======== DATASET ENTRIES ========
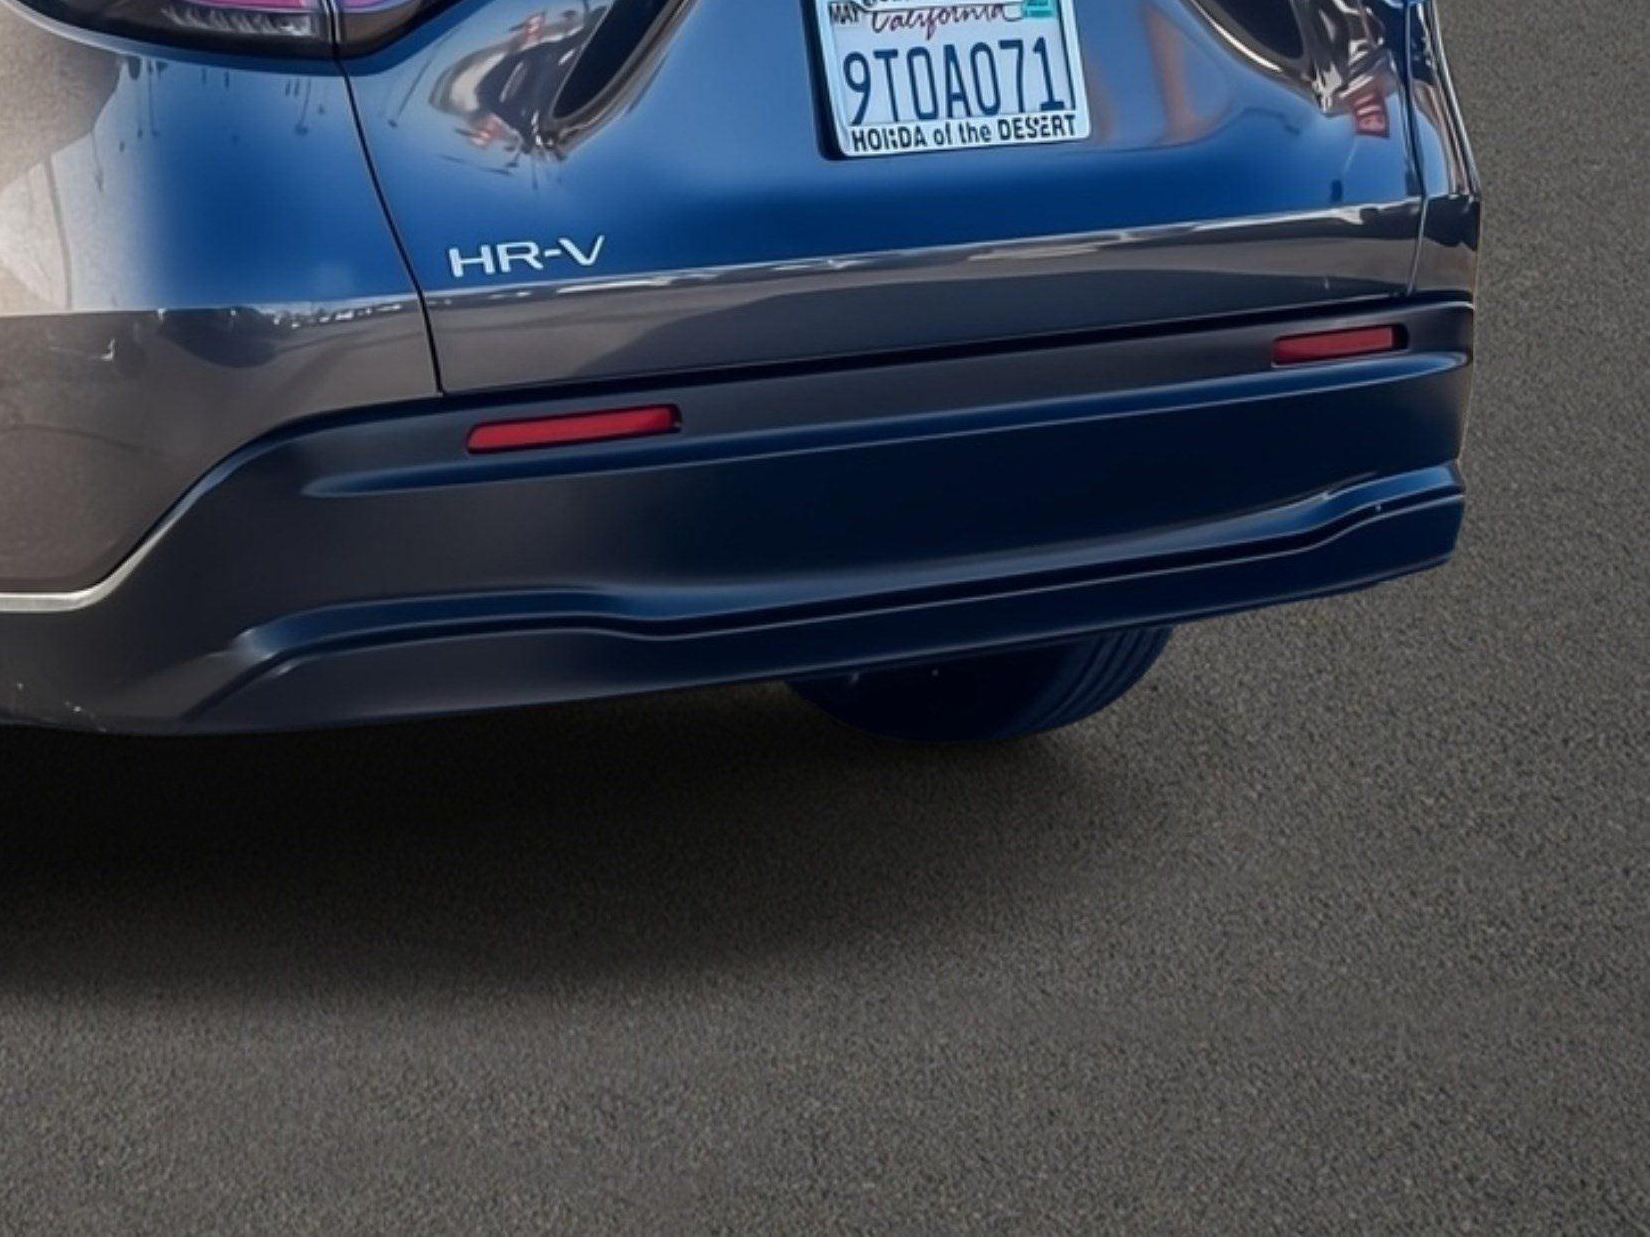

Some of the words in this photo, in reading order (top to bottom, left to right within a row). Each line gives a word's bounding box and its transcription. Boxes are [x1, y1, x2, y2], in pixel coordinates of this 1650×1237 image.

[871, 4, 1006, 40] California
[935, 122, 951, 146] of
[958, 122, 992, 144] the
[998, 114, 1076, 141] DESERT
[448, 235, 605, 278] HR-V
========
**TASK BRIEF**
Give back each line above exactly, with pictures dropped.

**RESULT**
Some of the words in this photo, in reading order (top to bottom, left to right within a row). Each line gives a word's bounding box and its transcription. Boxes are [x1, y1, x2, y2], in pixel coordinates of this 1650×1237 image.

[871, 4, 1006, 40] California
[935, 122, 951, 146] of
[958, 122, 992, 144] the
[998, 114, 1076, 141] DESERT
[448, 235, 605, 278] HR-V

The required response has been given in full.